Winter Preparation. The Ministry of Rural Rehabilitation and Development (MRRD), in cooperation with UNAMA, the U.N. Joint Logistics Center (UNJLC) and other U.N. agencies, NGOs, and national and provincial authorities, are working to implement a common humanitarian assistance strategy for the winter. The Winter Preparedness Plan aims to address: urban winter issues affecting recently returned refugees; rural winter issues, including improving access and pre-positioning of food and non-food supplies in areas that will become cut-off by heavy snows; the potential for refugees or internally displaced persons (IDPs) who returned to their areas of origin but found insufficient assistance to re-displace; the needs of those still displaced by drought or violence; and the special needs of Kuchi nomads. The plan targets roughly two million Afghans at risk.

UNAMA has increased the number of beneficiary families in central areas that will receive assistance this winter from 23,000 to 66,000 because of additional donor assistance. In Kabul City, 48 percent of 14,000 already identified families are involved in cash-for-work activities. The task force in the north has made providing fuel to clinics and hospitals its highest priority after assisting the urban vulnerable.

UNHCR has stockpiled contingency non-food items, such as tents, stoves, blankets, plastic sheeting, and kerosene, and the distribution of these winter supplies is underway. In the north, over 60 percent of targeted beneficiaries in nine provinces have received UNHCR winter supplies, with the exception of coal. The first deliveries of coal arrived in early January to UNHCR warehouses in the north, northeast, and central areas. The NGO ACTED will provide 15,000 MT of coal this winter extracted through a USAID-OFDA-funded cash-for-work project, bringing total coal provision to 27,000 MT targeting more than 100,000 vulnerable families. Due to a shortage of supplies in the south, the quantity of kerosene fuel distributed to each family has been reduced in Kandahar Province. Distributions of non-food items are also ongoing in Zabul Province and in the four western provinces of Herat, Badghis, Ghor, and Farah. In the east, distribution of winterization assistance to vulnerable families was scheduled to begin in mid-January.

Work is ongoing by the Ministry of Public Works (MPW), UNJLC, and the U.N. Office of Project Services (UNOPS) to coordinate cash-for-work emergency road repair, snow clearance, and equipment maintenance at base camps and hubs around the country. More than 120 roads have been identified as needing to be repaired and kept open during the winter. The MPW and USAID/OFDA-funded grantee ACTED are keeping the Salang Tunnel and its approaches free of snow. Access to the tunnel is restricted for repairs during night hours.

According to UNJLC, many roads in the northern area have been temporarily blocked by snow and travel has been delayed. The Maimana-Mazar corridor is reported to be in bad condition, with heavy snow and mud making parts of the route impassable. In Faryab Province, the road to Kohistan District was also blocked by snow and there was a landslide in Gorziwan. In neighboring Sar-e-Pul Province, Cheras was reported to be inaccessible. The route from Kunduz to Faizabad, Badakhshan Province is open, with no reports of heavy snow; however, the districts of Ragh and Darwaz remain isolated. UNOPS was trying to open the corridor to Darwaz.

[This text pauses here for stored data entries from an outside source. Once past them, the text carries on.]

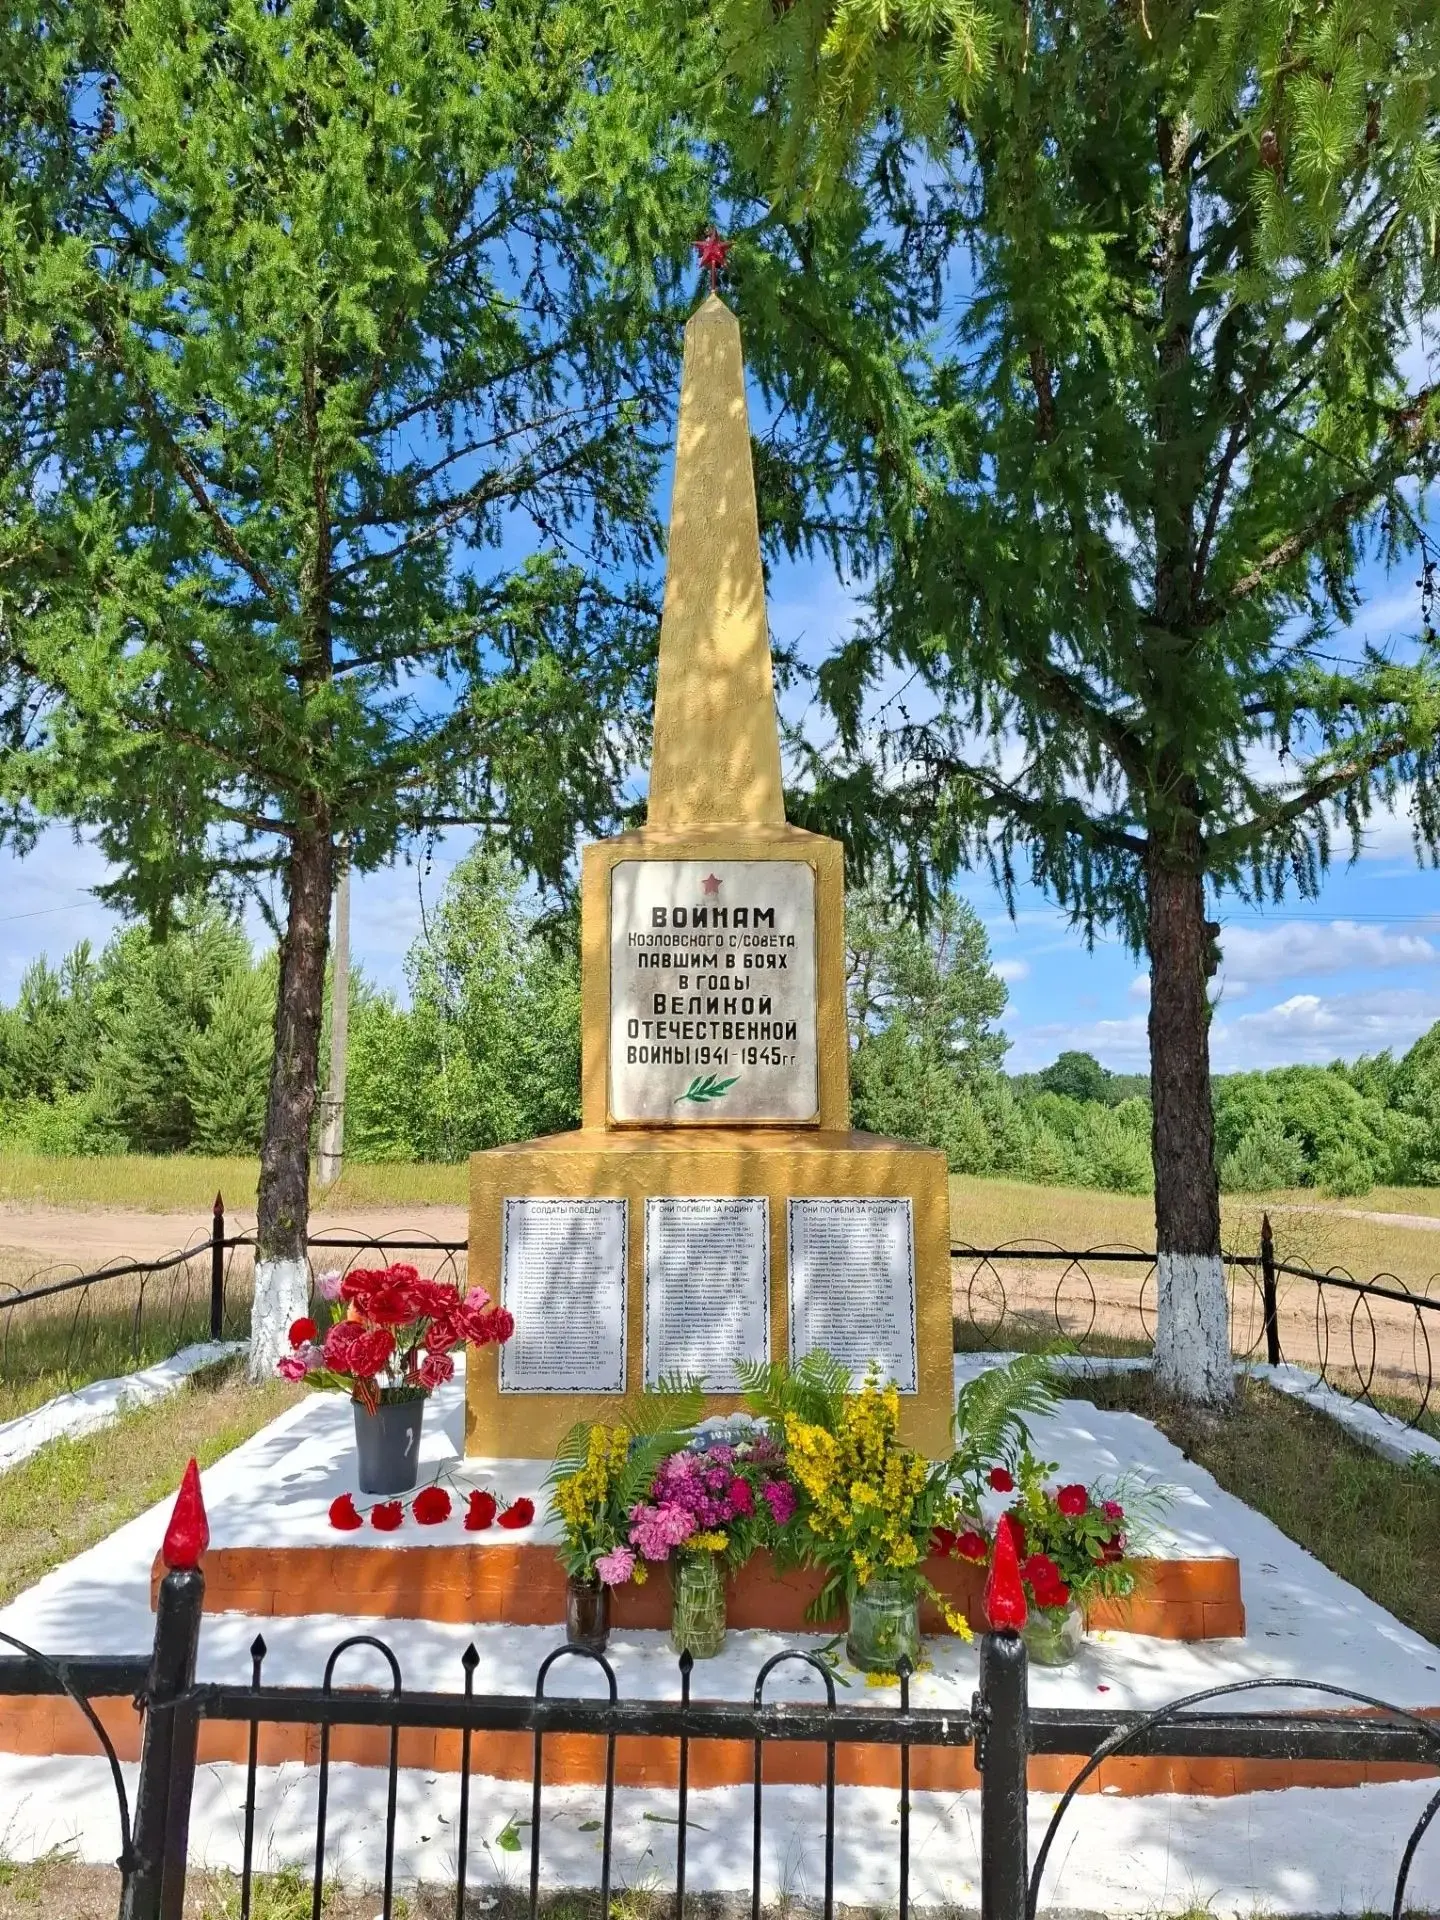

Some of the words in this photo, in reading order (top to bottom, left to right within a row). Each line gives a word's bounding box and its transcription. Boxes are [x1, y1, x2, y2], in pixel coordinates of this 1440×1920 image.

[652, 907, 775, 928] ВОИНАМ
[638, 953, 718, 968] ПАВШИМ
[726, 953, 736, 968] В
[744, 953, 788, 968] БОЯХ
[679, 975, 689, 990] В
[697, 975, 750, 990] ГОДЫ
[653, 994, 772, 1015] ВЕЛИКОЙ
[531, 1206, 567, 1214] СОЛДАТЫ
[569, 1206, 602, 1214] ПОБЕДЫ
[659, 1205, 675, 1213] ОНИ
[676, 1205, 711, 1213] ПОГИБЛИ
[713, 1205, 723, 1213] ЗА
[724, 1205, 753, 1213] РОДИНУ
[802, 1206, 819, 1214] ОНИ
[820, 1206, 855, 1214] ПОГИБЛИ
[856, 1206, 867, 1214] ЗА
[868, 1206, 898, 1214] РОДИНУ

There are reported access problems in the western highlands, including areas of Ghor Province, and between Qala-e-Naw, Jawand and Morghab districts in Badghis Province. The route from Herat to Qala-e-Naw via the Sabzak Pass deteriorated significantly in late December. UNJLC and UNOPS have since secured a proposal for the clearance of the Sabzak Pass that will ensure access for the next three months. In the central highlands, all major mountain passes were reported to be open except for Hajikak Pass on the Bamiyan - Behsud corridor, which was closed temporarily in mid-January due to ice and snow.

WFP has pre-positioned 52,572 metric tons (MT) of food assistance throughout the country in winter inaccessible areas to help meet the needs of 1.3 million rural Afghans. The International Committee of the Red Cross (ICRC) has pre-positioned an additional 24,667 MT of food in the central highlands, primarily in Ghor Province. Food distributions to end beneficiaries have been completed by ICRC and are 50 percent completed by WFP, with the balance to be distributed by the end of February.

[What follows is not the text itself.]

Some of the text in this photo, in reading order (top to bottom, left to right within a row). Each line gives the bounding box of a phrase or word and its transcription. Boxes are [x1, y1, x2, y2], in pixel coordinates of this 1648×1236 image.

A recent survey by MRRD and three NGOs operating in nine provinces with high concentrations of Kuchi nomads found there was a significant need for food aid. In response, WFP plans to begin a two-month free distribution program for the most vulnerable Kuchi during the winter period. Approximately 8,000 blankets and 1,500 tents will also be distributed.

Food Aid and Agriculture. WFP reports that it will have sufficient cereals to cover its requirements through March 2003, following the most recent contribution by USAID. After this date, 55,000 MT of cereal and 4,000 MT of vegetable oil, and 500 MT of iodized salt will be needed in new contributions to cover the pre-harvest "hungry season." Food distributions continue, but winter weather has hampered some distribution efforts.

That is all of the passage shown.